普通に過ごして普通に話をしていればもう少し時間が過ぎるのも早かったろうに、同じ動作を延々繰り返すだけの洗濯機を眺めながらでは会話も盛り上がらない。
ナナが一体何度この質問をしたかは定かじゃないが、とりあえず俺もアンミに被せるように「もうちょっとだ」と言っておいた。事実そうこうしていると洗濯終了の音が鳴った。
「ナナがこれを開けたり閉じたりしてるののね、開いてる時に入れる遊びする?」
「うん。やろっか」
やるのか。アンミの忍耐強さは底が知れんな。普段てきぱきやってたら多少なり焦りも生まれそうなものなのに、全然その気配がない。
にこやかに微笑んで洗濯機を開けて衣服を一つずつ取り出し、ナナが持ち手を開けたタイミングでカゴへ投げ込んでいく。ただし、ナナもナナで別に本気のゲームをしたり意地悪をするつもりではないらしい。
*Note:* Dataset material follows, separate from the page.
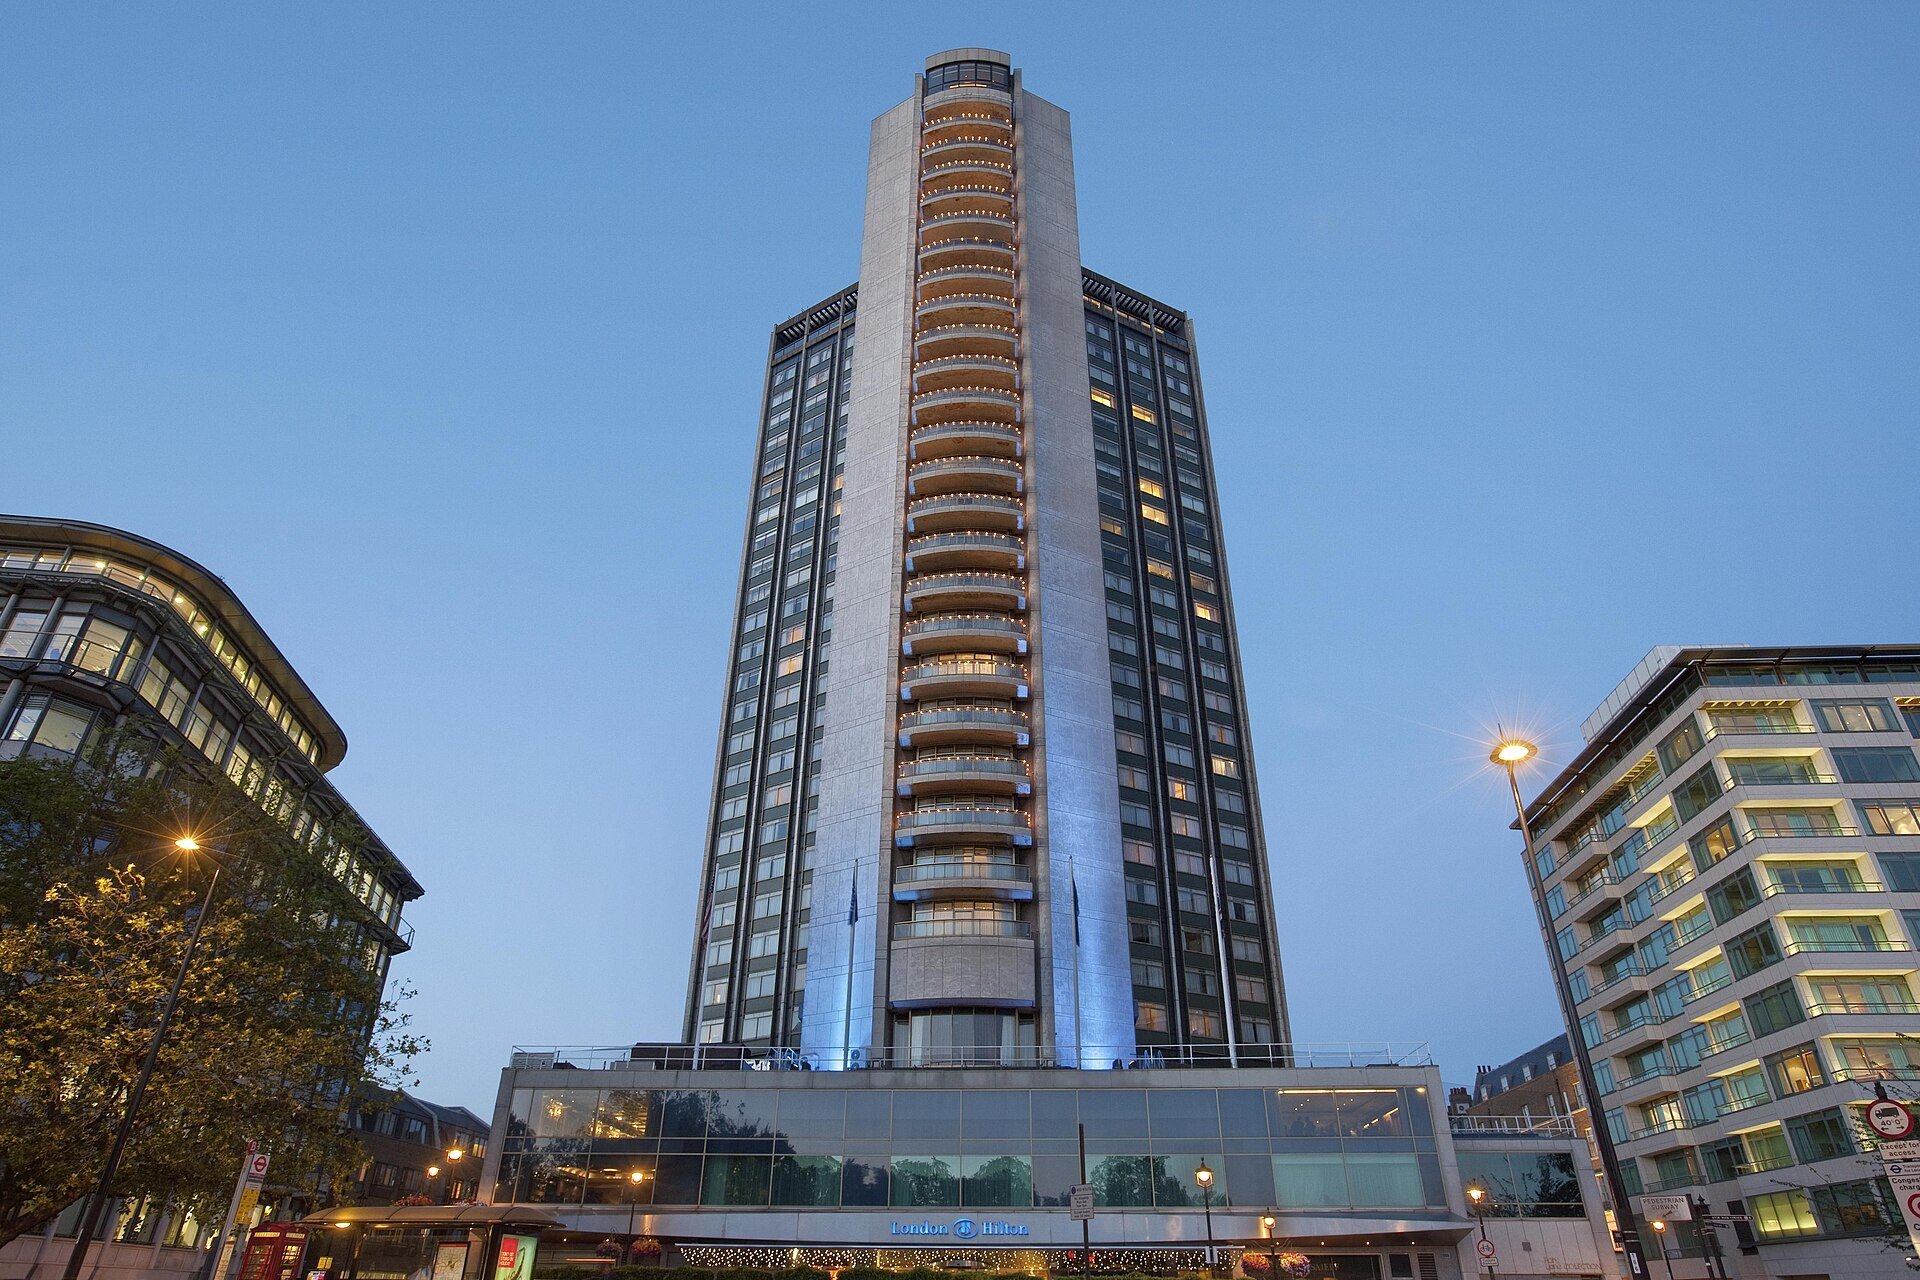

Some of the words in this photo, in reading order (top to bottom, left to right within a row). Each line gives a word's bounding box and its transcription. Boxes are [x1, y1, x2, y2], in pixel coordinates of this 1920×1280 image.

アンミがカゴへ入れようとするタイミングに合わせて持ち手を開けて、そうでない時に持ち手を閉じている。ナナの「よいしょ」の掛け声も相まって餅つきのような共同作業感が出来上がっていた。
洗濯機からカゴへ移し終わった後、ナナは満足そうに何度かぱかぱかと持ち手を動かして、それを持ち上げる。